The survey allows students to (anonymously) enter free text comments (in addition to rating their departments across different areas). In submitting such comments, one of the students focussed on ‘the way [the Department] managed our course in response to COVID. Maintaining live online lectures, rather than pre-recording like most others. Getting back to face-to-face teaching in large, ventilated, socially distanced spaces as soon as possible and generally being very communicative, has been wonderful.’


Students and staff catch up, over coffee, at the Royal Society of Arts in the Strand, after a field trip in London.

Another student spoke about the distinctiveness and personal character of the student experience at Goldsmiths (we are very grateful for such heart-warming words): ‘For the size of our cohort, it has been an amazingly good experience in terms of how lucky I have been to get to know them all. I hear often from my friends in departments with bigger cohorts that they feel disincentivised by having never really gotten to know their lecturers personally even in three years – for us that could not be further from the truth. They have always encouraged us not only with our submissions but with a vast array of extracurricular activities, trips, and invitations to guest lectures. The things I have taken part in now sit proudly on my CV and give me confidence in moving forward once leaving Goldsmiths. When I look back at myself 3 years ago until now, I have flourished, the degree has equipped me with everything I need to begin a lifelong career in law; including the heads up about a potential job which I went and interviewed for and got, first time.

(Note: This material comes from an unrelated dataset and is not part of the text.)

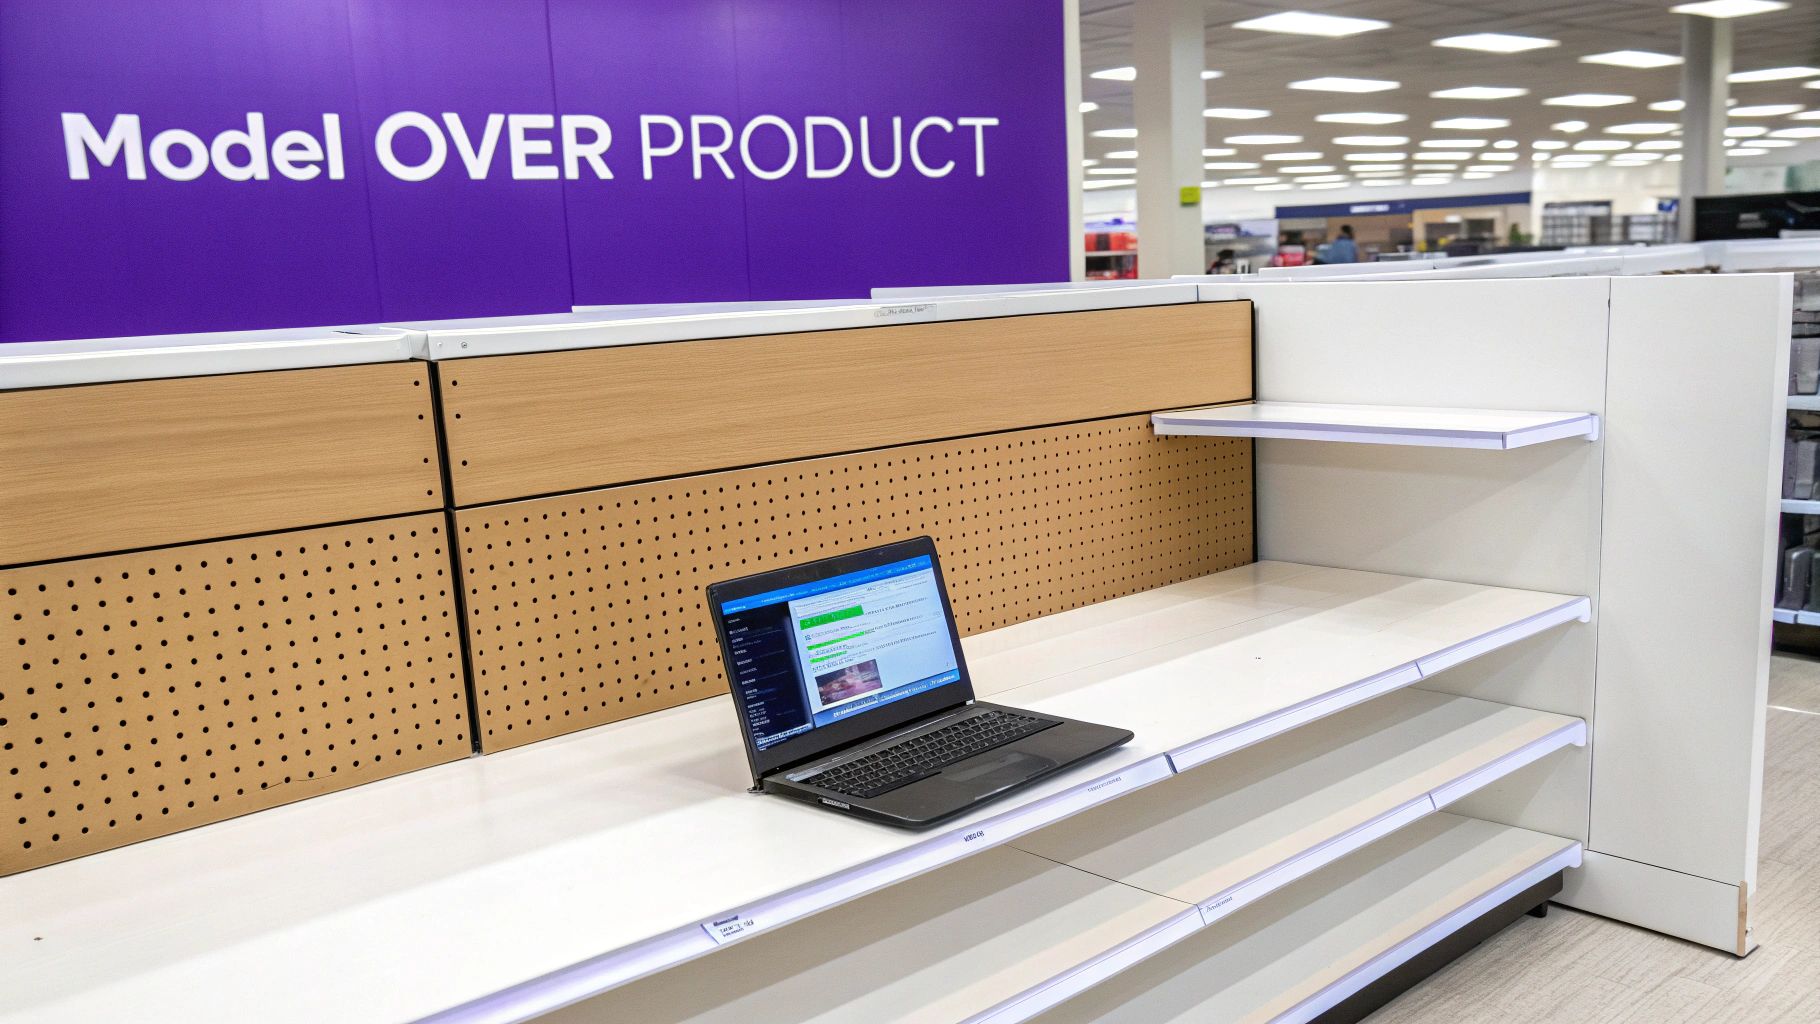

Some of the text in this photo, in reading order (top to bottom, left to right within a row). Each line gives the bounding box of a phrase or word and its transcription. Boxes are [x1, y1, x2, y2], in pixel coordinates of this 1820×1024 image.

[61, 110, 999, 182] Model OVER PRODUCT
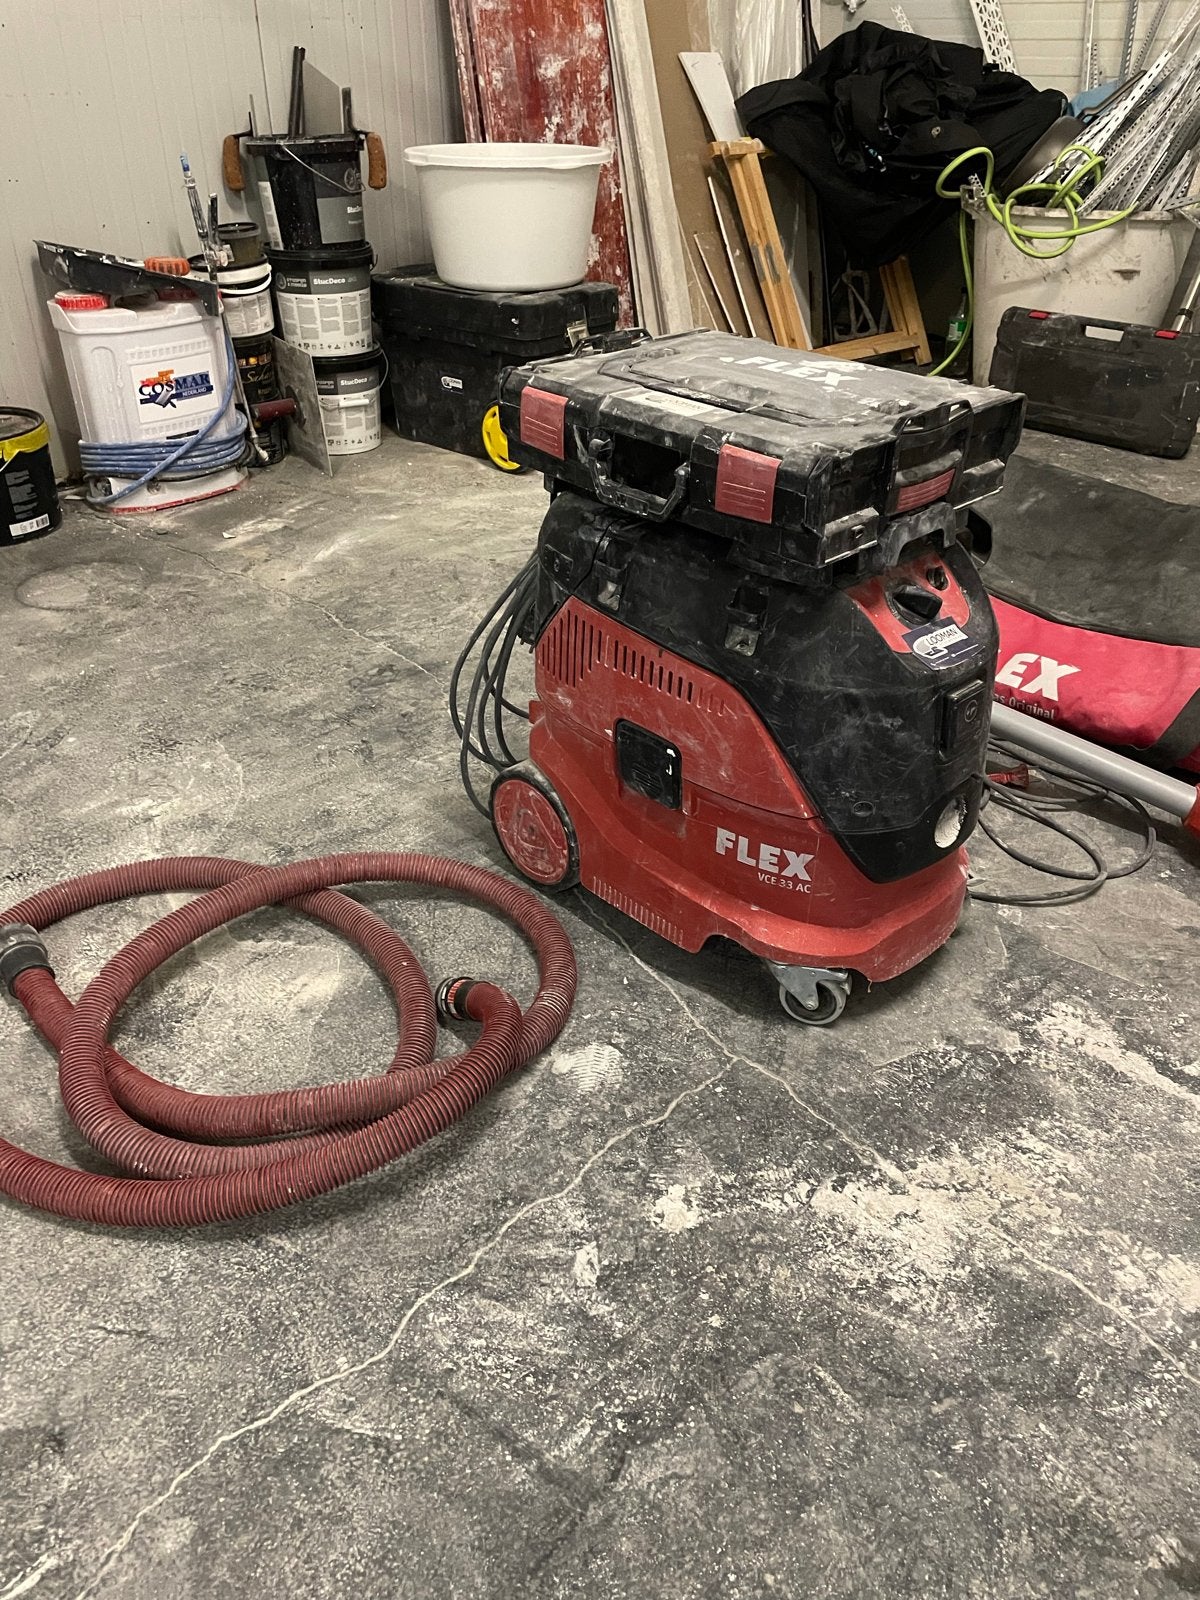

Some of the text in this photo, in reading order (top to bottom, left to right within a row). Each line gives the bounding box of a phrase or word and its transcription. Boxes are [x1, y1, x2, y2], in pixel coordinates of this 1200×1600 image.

To look at other areas surveyed in the NSS: we are the No. 1 Law department in London (No. 7 in the UK), for assessment and feedback, an area that traditionally Law departments find challenging in the context of the NSS. Goldsmiths Law invests huge energies in innovating in this area, particularly by having introduced portfolio/reflective journal-based assessment by student engagement and participation, which empowers a much broader range of learners to achieve well academically and substantially enhances student satisfaction. On the more specific question of whether marking and assessment has been fair, we are ranked No. 3 in the country.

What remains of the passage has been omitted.